I took a deep breath, exhaled, and then committed to meditating every day. I am a very goal-oriented person - if I write it on my daily list of to do’s that means it will get done. But I wasn’t sure how to meditate so I texted my team members for help... specifically is there an app for this? I got several suggestions back. I decided to start with Calm on YouTube as I didn’t want to purchase the app until I was sure I could stick with it.
My first day, I sat on the floor, closed my eyes, and followed along to a very calming voice. I was instructed on my breathing and how it was natural for the mind to wander, which was a relief to me! My mind definitely wandered and I had to work to bring it back to the task of mediating and then about halfway through I feel a big wet tongue from my chin to my forehead….ugh! I’ve been kissed by a dog! Of course, I had to open my eyes, wipe off the droll, and give Mini a big kiss back.

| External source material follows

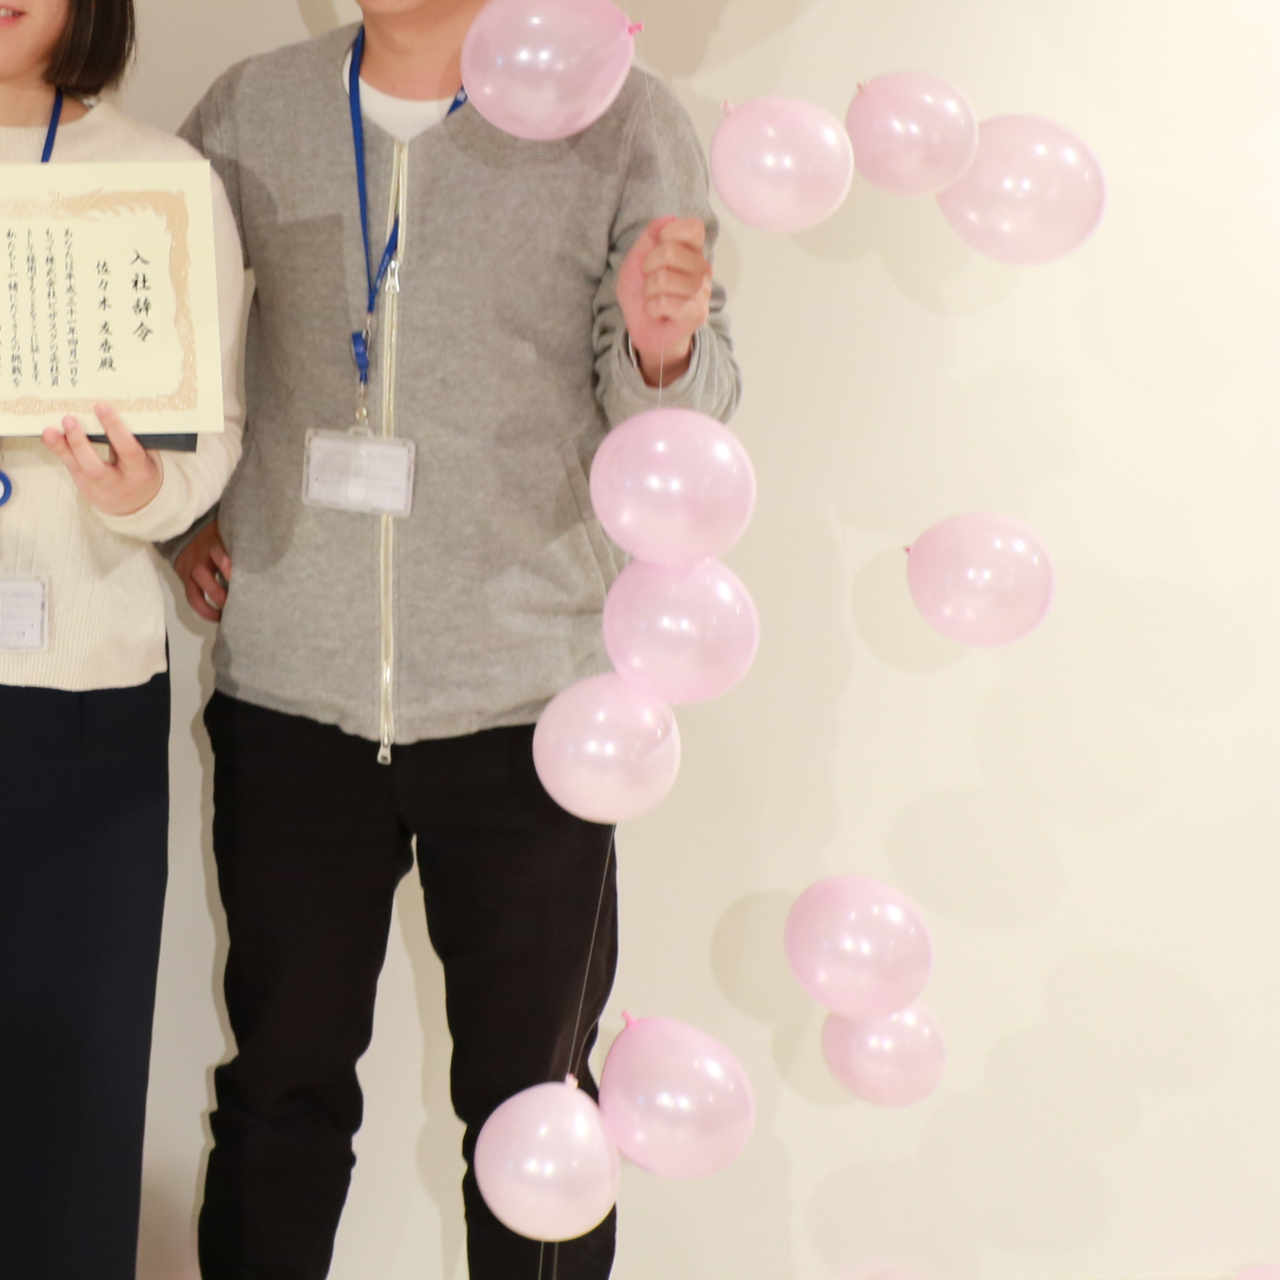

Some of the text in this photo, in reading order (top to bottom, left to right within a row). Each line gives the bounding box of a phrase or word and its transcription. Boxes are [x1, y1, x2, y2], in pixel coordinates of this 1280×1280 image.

[95, 259, 111, 311] 佐々木
[130, 249, 153, 342] 入社辞令

On my second day, I once again sat on the floor, closed my eyes, took a breath…. and then I feel Mini curl up between my legs…65 lbs. pounds of softness, I will admit she did make me feel more calm and centered. As the days went by, I can be honest and say that these 10-minute sessions were not easy at times. My mind would wander to really random thoughts and it would take all of my restraint to not jump up and write down the brilliant idea that popped into my mind but I stayed seated and worked to bring my attention back to my breathing. The days that I could really turn my attention inward I felt a heaviness in my body and a calmness to my mind where my thoughts would quiet and I would just be.

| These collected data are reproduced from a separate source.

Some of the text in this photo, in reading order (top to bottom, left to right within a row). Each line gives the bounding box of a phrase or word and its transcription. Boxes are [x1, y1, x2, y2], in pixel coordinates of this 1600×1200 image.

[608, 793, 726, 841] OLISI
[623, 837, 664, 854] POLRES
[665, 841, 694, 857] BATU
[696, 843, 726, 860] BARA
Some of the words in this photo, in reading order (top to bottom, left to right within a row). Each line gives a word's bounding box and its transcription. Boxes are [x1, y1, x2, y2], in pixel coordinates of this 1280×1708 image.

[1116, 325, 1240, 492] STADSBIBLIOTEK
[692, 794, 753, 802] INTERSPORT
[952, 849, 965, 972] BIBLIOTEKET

Now being a researcher, and as my husband says - a skeptical person, I needed to understand the science behind meditation. What are the benefits provided by this sedentary activity? Meditation has been shown to reduce depression and post-traumatic stress disorder (Khusid & Vythilingam, 2016), anxiety (Montero-Marin et al. 2019) and stress (Juul et al. 2020) as well as cortisol levels, blood pressure, and other physiologic markers of stress (Pascoe et al. 2017). Sleep may also be positively affected by meditation practice (Zheng et al. 2020). So how long does it take to start seeing these benefits? It seems as though the longer you have practiced, the greater the benefits, but individuals with no experience who practiced meditation for 8 weeks found that their mental status improved (Chu, 2010).

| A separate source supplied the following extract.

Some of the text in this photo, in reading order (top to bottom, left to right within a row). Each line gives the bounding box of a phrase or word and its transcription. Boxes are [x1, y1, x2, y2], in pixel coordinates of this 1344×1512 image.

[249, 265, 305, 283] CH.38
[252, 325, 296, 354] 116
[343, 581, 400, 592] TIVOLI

So where am I now along my meditation journey? I finished the six weeks of daily 10-minute meditation and am happy to report that I did not miss one single day, but it is no longer a task on my to do list so the practice has diminished. I did learn a lot during those six weeks such as meditation can help to calm the mind and enhance awareness of ourselves, our mind, and our environment but it is also perfectly acceptable
for my monkey mind to hop from thought to thought. When I find my mind wandering and losing concentration on the task at hand, I turn to my breathing. I focus on taking a breath in and slowly releasing the breath which allows me once again to focus my attention back to my work. I have found this technique to be the best thing to come out of my journey…well, maybe snuggles from Mini was the best!
Chu, L (2010). The Benefits of Meditation Vis-à-Vis Emotional Intelligence, Perceived Stress and Negative Mental Health. Stress and Health 26, 169-180.
Juul L, Pallesen KJ, Bjerggaard M, Nielsen C, Fjorback LO (2020). A pilot randomised trial comparing a mindfulness- based stress reduction course, a locally-developed stress reduction intervention and a waiting list control group in a real-life municipal health care setting. BMC Public Health 20 (1), 409.
Khusid MA, Vythilingam M (2016). The emerging role of mindfulness meditation as effective self-management strategy, Part 1: clinical implications for depression, post- traumatic stress disorder, and anxiety. Military Medicine 181 (9), 961–968.
Montero-Marin J, Garcia-Campayo J, Pérez-Yus MC, Zabaleta-Del-Olmo E, Cuijpers P (2019). Meditation techniques. Psychological Medicine 49 (13), 2118–2133.
Pascoe MC, Thompson DR, Jenkins ZM, Ski CF (2017). Mindfulness mediates the physiological markers of stress: systematic review and meta-analysis. Journal of Psychiatric Research 95, 156–178.